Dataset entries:
--- START ---

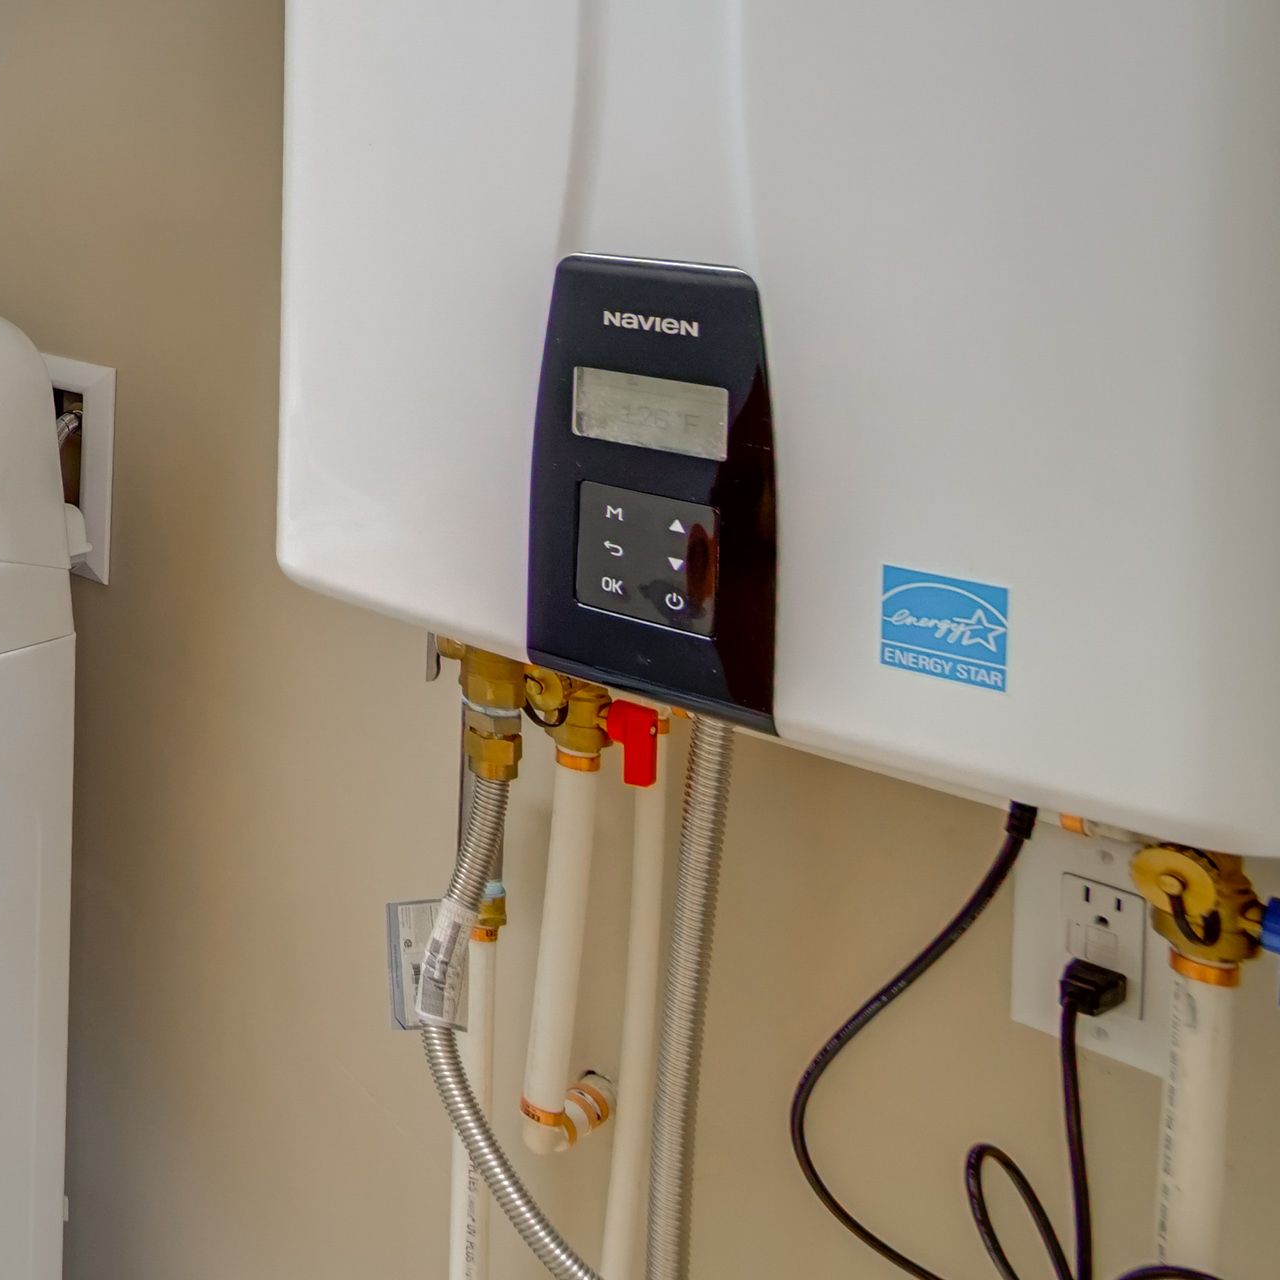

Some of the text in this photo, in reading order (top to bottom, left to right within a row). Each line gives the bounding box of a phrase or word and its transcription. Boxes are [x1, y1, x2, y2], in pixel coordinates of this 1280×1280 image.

[605, 504, 624, 521] M
[601, 576, 624, 595] OK
[891, 608, 964, 644] energy
[883, 646, 1004, 687] ENERGY STAR
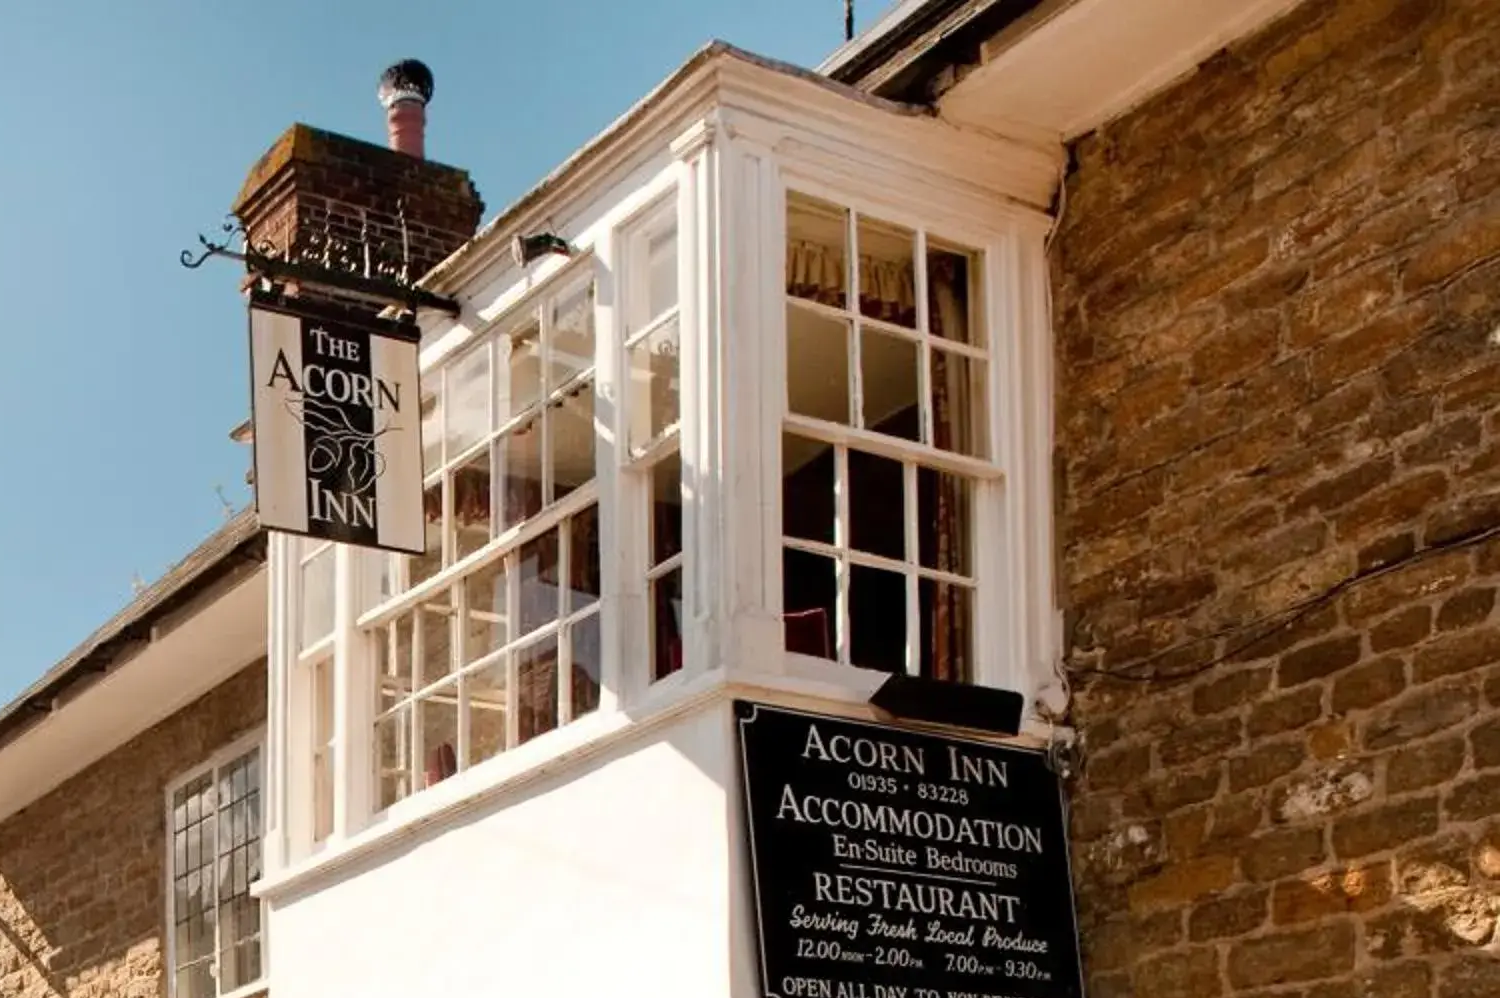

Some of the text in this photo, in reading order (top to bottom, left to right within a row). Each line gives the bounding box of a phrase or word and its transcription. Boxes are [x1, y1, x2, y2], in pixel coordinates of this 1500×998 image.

[310, 327, 360, 362] THE
[268, 348, 400, 412] ACORN
[309, 479, 376, 529] INN
[802, 724, 1007, 787] ACORN INN
[848, 772, 897, 794] 01935
[918, 784, 969, 805] 83228
[776, 784, 1042, 853] ACCOMMODATION
[926, 847, 1017, 878] Bedrooms
[814, 872, 1020, 923] RESTAURANT
[790, 905, 1047, 953] Serving Fresh Local Produce
[783, 976, 831, 998] OPEN

--- END ---

- Exercise:
None of the pictures belongs in the answer, but all the entries must be repeated exactly.

- Answer box:
Some of the text in this photo, in reading order (top to bottom, left to right within a row). Each line gives the bounding box of a phrase or word and its transcription. Boxes are [x1, y1, x2, y2], in pixel coordinates of this 1280×1280 image.

[605, 504, 624, 521] M
[601, 576, 624, 595] OK
[891, 608, 964, 644] energy
[883, 646, 1004, 687] ENERGY STAR

Some of the text in this photo, in reading order (top to bottom, left to right within a row). Each line gives the bounding box of a phrase or word and its transcription. Boxes are [x1, y1, x2, y2], in pixel coordinates of this 1500×998 image.

[310, 327, 360, 362] THE
[268, 348, 400, 412] ACORN
[309, 479, 376, 529] INN
[802, 724, 1007, 787] ACORN INN
[848, 772, 897, 794] 01935
[918, 784, 969, 805] 83228
[776, 784, 1042, 853] ACCOMMODATION
[926, 847, 1017, 878] Bedrooms
[814, 872, 1020, 923] RESTAURANT
[790, 905, 1047, 953] Serving Fresh Local Produce
[783, 976, 831, 998] OPEN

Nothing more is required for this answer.